What to produce >> Where the listing below has a line with "this 973×973 image.", write out exactly that line and every line after it, stopping after the line with "this 1512×1008 image.".

Available data >>
★ ★ ★ ★
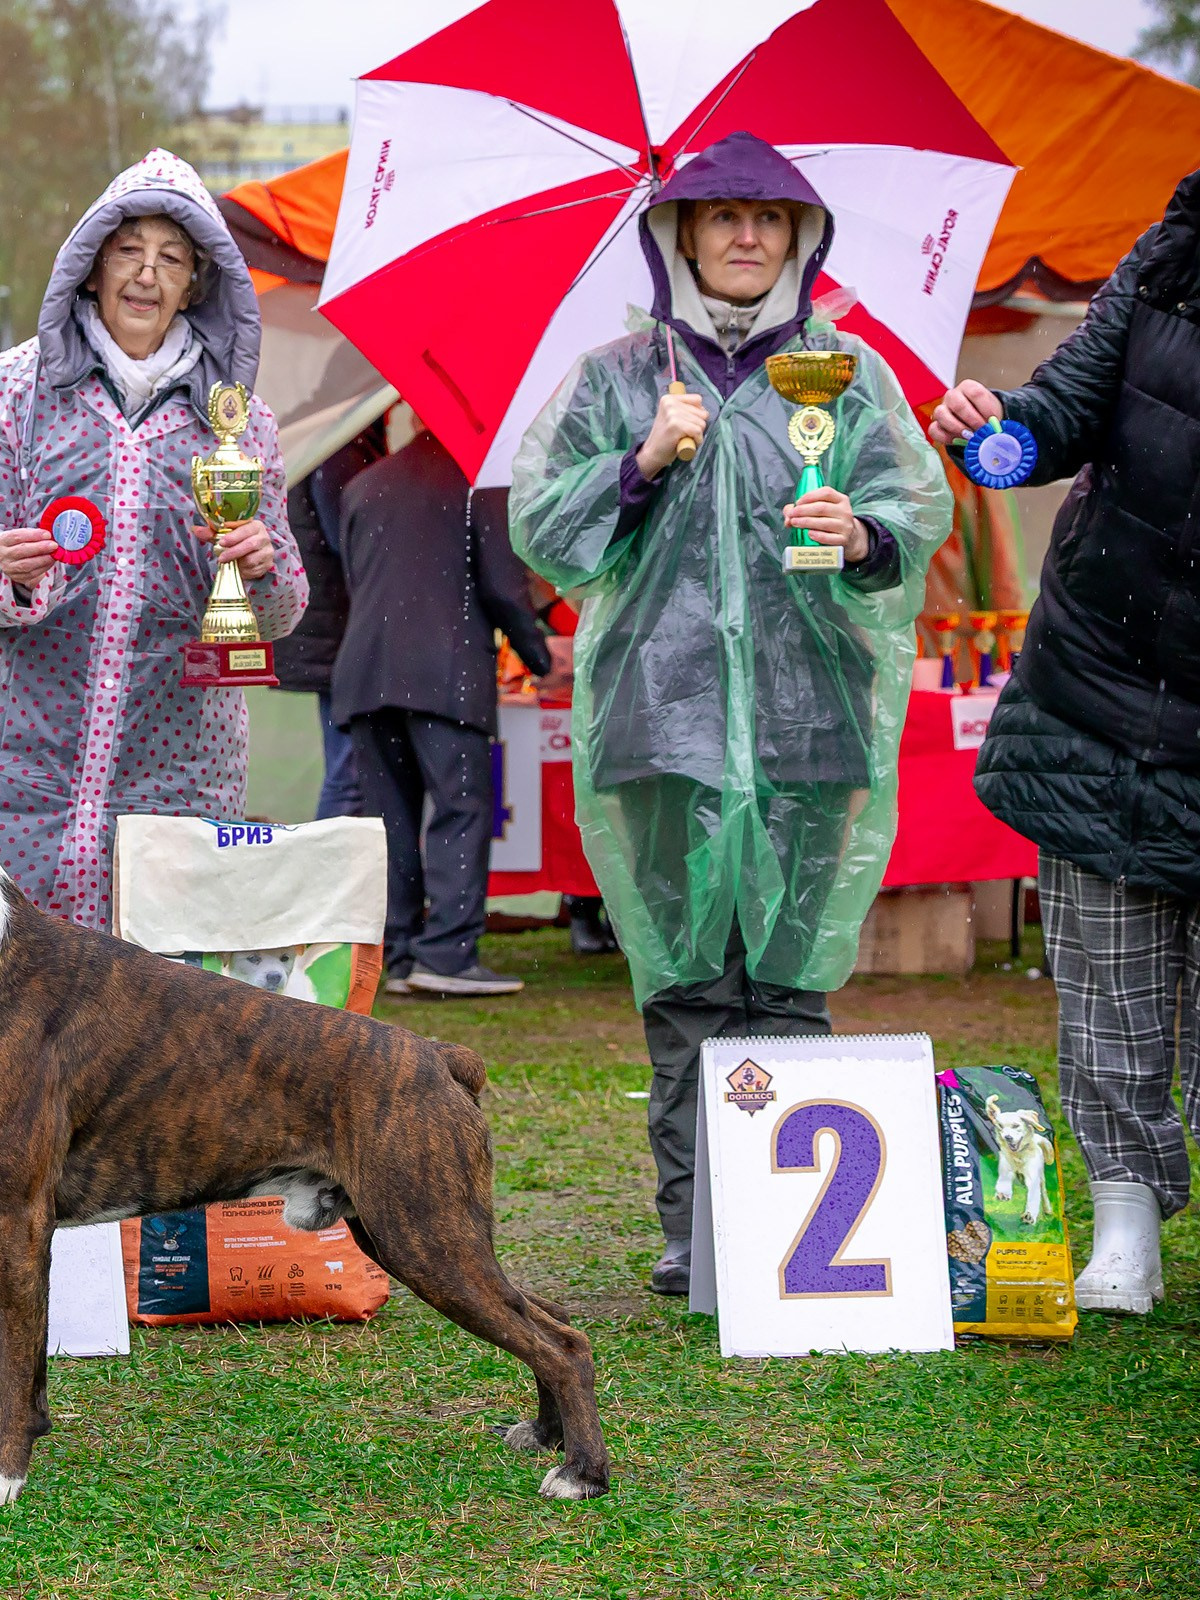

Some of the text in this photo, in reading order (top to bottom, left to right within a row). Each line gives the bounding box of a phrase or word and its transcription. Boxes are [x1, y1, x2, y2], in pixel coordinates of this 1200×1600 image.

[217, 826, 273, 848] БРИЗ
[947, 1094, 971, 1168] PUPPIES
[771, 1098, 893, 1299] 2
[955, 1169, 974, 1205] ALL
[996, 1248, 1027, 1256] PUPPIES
★ ★ ★ ★
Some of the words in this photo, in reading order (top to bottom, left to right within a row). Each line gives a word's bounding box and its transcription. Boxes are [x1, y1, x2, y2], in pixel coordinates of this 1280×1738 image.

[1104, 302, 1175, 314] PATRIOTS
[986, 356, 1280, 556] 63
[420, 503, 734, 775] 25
★ ★ ★ ★
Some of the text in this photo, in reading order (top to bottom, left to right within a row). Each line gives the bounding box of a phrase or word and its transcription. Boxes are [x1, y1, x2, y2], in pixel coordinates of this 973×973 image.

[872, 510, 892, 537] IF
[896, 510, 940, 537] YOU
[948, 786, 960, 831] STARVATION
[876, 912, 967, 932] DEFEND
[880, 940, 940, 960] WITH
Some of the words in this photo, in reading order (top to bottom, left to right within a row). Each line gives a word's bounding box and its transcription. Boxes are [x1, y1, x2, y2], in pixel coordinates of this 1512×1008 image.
★ ★ ★ ★
Written response >>
Some of the text in this photo, in reading order (top to bottom, left to right within a row). Each line gives the bounding box of a phrase or word and its transcription. Boxes are [x1, y1, x2, y2], in pixel coordinates of this 973×973 image.

[872, 510, 892, 537] IF
[896, 510, 940, 537] YOU
[948, 786, 960, 831] STARVATION
[876, 912, 967, 932] DEFEND
[880, 940, 940, 960] WITH
Some of the words in this photo, in reading order (top to bottom, left to right within a row). Each line gives a word's bounding box and its transcription. Boxes are [x1, y1, x2, y2], in pixel coordinates of this 1512×1008 image.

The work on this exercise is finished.